### Action item
Take the records below and set them down exactly, so that every line matches the original.

********************

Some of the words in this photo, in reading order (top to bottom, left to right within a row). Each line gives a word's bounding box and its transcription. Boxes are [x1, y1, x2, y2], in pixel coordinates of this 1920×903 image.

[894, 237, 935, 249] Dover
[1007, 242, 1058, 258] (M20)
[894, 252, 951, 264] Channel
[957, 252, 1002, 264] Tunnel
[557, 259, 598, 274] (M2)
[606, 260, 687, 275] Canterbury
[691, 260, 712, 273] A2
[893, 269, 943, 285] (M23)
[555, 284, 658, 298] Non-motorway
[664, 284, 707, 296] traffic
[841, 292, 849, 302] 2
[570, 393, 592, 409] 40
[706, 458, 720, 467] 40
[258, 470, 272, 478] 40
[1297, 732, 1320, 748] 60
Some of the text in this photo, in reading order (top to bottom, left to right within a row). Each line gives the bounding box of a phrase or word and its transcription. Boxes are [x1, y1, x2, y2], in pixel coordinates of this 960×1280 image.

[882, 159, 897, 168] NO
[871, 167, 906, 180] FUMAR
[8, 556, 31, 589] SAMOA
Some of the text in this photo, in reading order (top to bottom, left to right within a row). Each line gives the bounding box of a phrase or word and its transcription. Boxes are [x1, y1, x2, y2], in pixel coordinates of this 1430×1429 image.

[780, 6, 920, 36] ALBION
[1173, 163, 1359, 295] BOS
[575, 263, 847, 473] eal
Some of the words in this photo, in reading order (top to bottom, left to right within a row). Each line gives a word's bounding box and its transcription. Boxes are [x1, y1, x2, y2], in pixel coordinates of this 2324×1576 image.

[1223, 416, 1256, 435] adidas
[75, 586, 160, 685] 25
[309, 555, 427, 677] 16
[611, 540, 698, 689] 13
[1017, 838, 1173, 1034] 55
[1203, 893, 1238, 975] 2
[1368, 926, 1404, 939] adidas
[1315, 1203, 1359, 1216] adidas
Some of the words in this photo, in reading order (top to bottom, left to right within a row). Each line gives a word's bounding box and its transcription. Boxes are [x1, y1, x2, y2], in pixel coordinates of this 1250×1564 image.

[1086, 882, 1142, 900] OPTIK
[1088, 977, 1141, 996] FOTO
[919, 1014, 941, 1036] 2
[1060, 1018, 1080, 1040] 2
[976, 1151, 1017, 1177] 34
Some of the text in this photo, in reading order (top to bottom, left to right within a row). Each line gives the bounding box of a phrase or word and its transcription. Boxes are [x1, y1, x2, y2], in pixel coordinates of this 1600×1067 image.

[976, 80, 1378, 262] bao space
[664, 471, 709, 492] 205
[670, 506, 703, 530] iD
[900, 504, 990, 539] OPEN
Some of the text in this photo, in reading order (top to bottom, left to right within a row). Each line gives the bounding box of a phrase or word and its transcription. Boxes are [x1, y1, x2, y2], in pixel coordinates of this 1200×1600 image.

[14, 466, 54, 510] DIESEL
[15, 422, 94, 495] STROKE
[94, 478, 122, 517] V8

********************

### Reply
Some of the words in this photo, in reading order (top to bottom, left to right within a row). Each line gives a word's bounding box and its transcription. Boxes are [x1, y1, x2, y2], in pixel coordinates of this 1920×903 image.

[894, 237, 935, 249] Dover
[1007, 242, 1058, 258] (M20)
[894, 252, 951, 264] Channel
[957, 252, 1002, 264] Tunnel
[557, 259, 598, 274] (M2)
[606, 260, 687, 275] Canterbury
[691, 260, 712, 273] A2
[893, 269, 943, 285] (M23)
[555, 284, 658, 298] Non-motorway
[664, 284, 707, 296] traffic
[841, 292, 849, 302] 2
[570, 393, 592, 409] 40
[706, 458, 720, 467] 40
[258, 470, 272, 478] 40
[1297, 732, 1320, 748] 60
Some of the text in this photo, in reading order (top to bottom, left to right within a row). Each line gives the bounding box of a phrase or word and its transcription. Boxes are [x1, y1, x2, y2], in pixel coordinates of this 960×1280 image.

[882, 159, 897, 168] NO
[871, 167, 906, 180] FUMAR
[8, 556, 31, 589] SAMOA
Some of the text in this photo, in reading order (top to bottom, left to right within a row). Each line gives the bounding box of a phrase or word and its transcription. Boxes are [x1, y1, x2, y2], in pixel coordinates of this 1430×1429 image.

[780, 6, 920, 36] ALBION
[1173, 163, 1359, 295] BOS
[575, 263, 847, 473] eal
Some of the words in this photo, in reading order (top to bottom, left to right within a row). Each line gives a word's bounding box and its transcription. Boxes are [x1, y1, x2, y2], in pixel coordinates of this 2324×1576 image.

[1223, 416, 1256, 435] adidas
[75, 586, 160, 685] 25
[309, 555, 427, 677] 16
[611, 540, 698, 689] 13
[1017, 838, 1173, 1034] 55
[1203, 893, 1238, 975] 2
[1368, 926, 1404, 939] adidas
[1315, 1203, 1359, 1216] adidas
Some of the words in this photo, in reading order (top to bottom, left to right within a row). Each line gives a word's bounding box and its transcription. Boxes are [x1, y1, x2, y2], in pixel coordinates of this 1250×1564 image.

[1086, 882, 1142, 900] OPTIK
[1088, 977, 1141, 996] FOTO
[919, 1014, 941, 1036] 2
[1060, 1018, 1080, 1040] 2
[976, 1151, 1017, 1177] 34
Some of the text in this photo, in reading order (top to bottom, left to right within a row). Each line gives the bounding box of a phrase or word and its transcription. Boxes are [x1, y1, x2, y2], in pixel coordinates of this 1600×1067 image.

[976, 80, 1378, 262] bao space
[664, 471, 709, 492] 205
[670, 506, 703, 530] iD
[900, 504, 990, 539] OPEN
Some of the text in this photo, in reading order (top to bottom, left to right within a row). Each line gives the bounding box of a phrase or word and its transcription. Boxes are [x1, y1, x2, y2], in pixel coordinates of this 1200×1600 image.

[14, 466, 54, 510] DIESEL
[15, 422, 94, 495] STROKE
[94, 478, 122, 517] V8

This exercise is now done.